In sostanza, i 12 chilometri del tracciato di Sapareva Banya, località termale di 8000 abitanti ad una settantina di km dalla capitale Sofia, erano lanciati da un tratto asfaltato/sterrato di 1,5km per poi proseguire su una carrareccia seguendo la valle e il torrente per altri 1,5km fino ad un ponticello. Da qui si attraversava il torrente, e giù, dall’altra parte, senza curve né pendenze particolari, sino a riprendere il giro 1,5 km più sotto. Per noi senior il giro andava ripetuto tre volte.

Dopo aver percorso l’ultima tornata, si percorreva nuovamente un tratto asfaltato di circa 1,2km in leggera discesa fino al traguardo nel paese.

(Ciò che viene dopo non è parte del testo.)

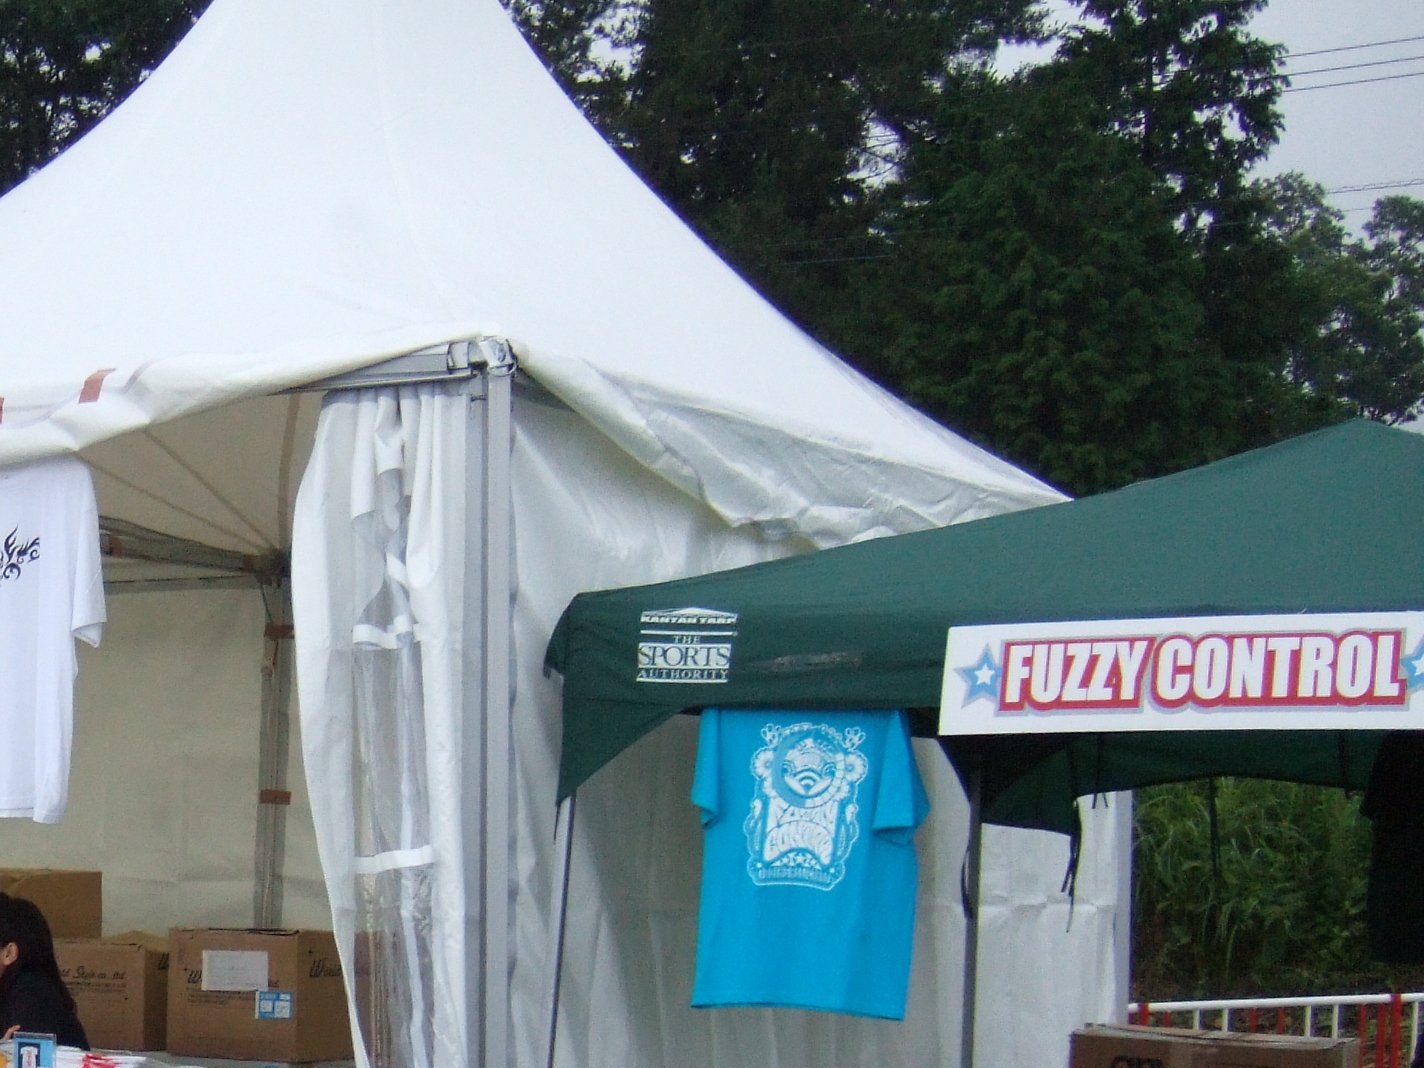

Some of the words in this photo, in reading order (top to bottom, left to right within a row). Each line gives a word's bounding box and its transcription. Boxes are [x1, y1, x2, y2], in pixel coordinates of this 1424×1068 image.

[672, 635, 701, 645] THE
[638, 645, 730, 667] SPORTS
[637, 669, 729, 679] AUTHORITY
[1005, 640, 1150, 704] FUZZY
[1155, 634, 1401, 701] CONTROL

La giornata era piuttosto calda, quasi afosa. Alle 11.15 la partenza.

Subito in testa la truppa turca, con Abdelkadir Turk, che decideva di prendere l’iniziativa. Il gruppo con noi italiani ad inseguire, era staccato di pochi secondi dal fuggitivo. Dopo il primo chilometro, appena le pendenze iniziavano ad aumentare, il favorito della vigilia, Ahmed Arslan, partiva all’inseguimento del compagno di squadra, raggiungendolo con una forte progressione. Il ritmo era decisamente alto per me, ero intenzionato a provarci, ma alzare ulteriormente le cadenze in salita era un azzardo troppo grande. Martin Dematteis scandiva il passo in salita ma anche lui faticava a riportarsi sul tandem al comando. Allo scollinamento era di 10” il divario fra il duo di testa e il gruppetto con Martin, Berny, io, e il francese Rancon.

Subito in discesa Martin prendeva l’iniziativa puntando Arslan e riuscendo a riagganciarlo in fondo alla seconda tornata. Le mie gambe invece erano già piene di fatica, e non potevo far altro che difendermi per riuscire a correre una buona seconda parte di gara. Ma dopo aver recuperato il fiato per un po', la crisi ha iniziato a fare capolino. Capivo che anche Berny non era in gran giornata, mentre in francese Rancon riusciva a proseguire su buoni ritmi. A quel punto, giunti a metà dell’ultima salita, decidevo che il mio obbiettivo doveva essere il gradino più basso del podio, a tutti i costi! All’ultimo scollinamento, con Arslan e Martin ormai fuori dalla portata di chiunque li inseguisse, cercavo di rimanere incollato con le poche forze rimaste al buon Julien, sperando in un suo cedimento fisico o psicologico. A mille metri dal traguardo il francese non impostava correttamente la curva, e quel segno mi suggeriva  di provare a partire subito. Il gap si apriva. Un metro, cinque, venti…. E via verso il traguardo, verso una comunque positiva, per quanto sudata, medaglia di bronzo individuale (più quella d'oro a squadre), la quarta in dopo quelle del ’98,’05 e ’08.